▶ TASK DESCRIPTION
Reproduce the data exactly as it stands.

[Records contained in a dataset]

━━━━━━━━

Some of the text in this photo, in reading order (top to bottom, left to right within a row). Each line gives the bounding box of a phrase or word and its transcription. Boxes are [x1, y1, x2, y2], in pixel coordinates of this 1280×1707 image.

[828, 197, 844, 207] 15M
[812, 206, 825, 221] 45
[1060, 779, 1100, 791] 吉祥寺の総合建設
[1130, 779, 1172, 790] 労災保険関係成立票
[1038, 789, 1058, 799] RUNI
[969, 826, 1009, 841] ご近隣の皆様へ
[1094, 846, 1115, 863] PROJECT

━━━━━━━━

▶ FINISHED EXERCISE
Some of the text in this photo, in reading order (top to bottom, left to right within a row). Each line gives the bounding box of a phrase or word and its transcription. Boxes are [x1, y1, x2, y2], in pixel coordinates of this 1280×1707 image.

[828, 197, 844, 207] 15M
[812, 206, 825, 221] 45
[1060, 779, 1100, 791] 吉祥寺の総合建設
[1130, 779, 1172, 790] 労災保険関係成立票
[1038, 789, 1058, 799] RUNI
[969, 826, 1009, 841] ご近隣の皆様へ
[1094, 846, 1115, 863] PROJECT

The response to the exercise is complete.